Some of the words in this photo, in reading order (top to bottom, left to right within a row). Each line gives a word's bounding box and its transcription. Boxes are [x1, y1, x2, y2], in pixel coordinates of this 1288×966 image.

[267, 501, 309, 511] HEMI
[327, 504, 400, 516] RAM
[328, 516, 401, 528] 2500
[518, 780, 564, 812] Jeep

-------

— Exercise instructions —
Retype all of the records so that every line matches the original exactly.

— Task solution —
Some of the words in this photo, in reading order (top to bottom, left to right within a row). Each line gives a word's bounding box and its transcription. Boxes are [x1, y1, x2, y2], in pixel coordinates of this 1288×966 image.

[267, 501, 309, 511] HEMI
[327, 504, 400, 516] RAM
[328, 516, 401, 528] 2500
[518, 780, 564, 812] Jeep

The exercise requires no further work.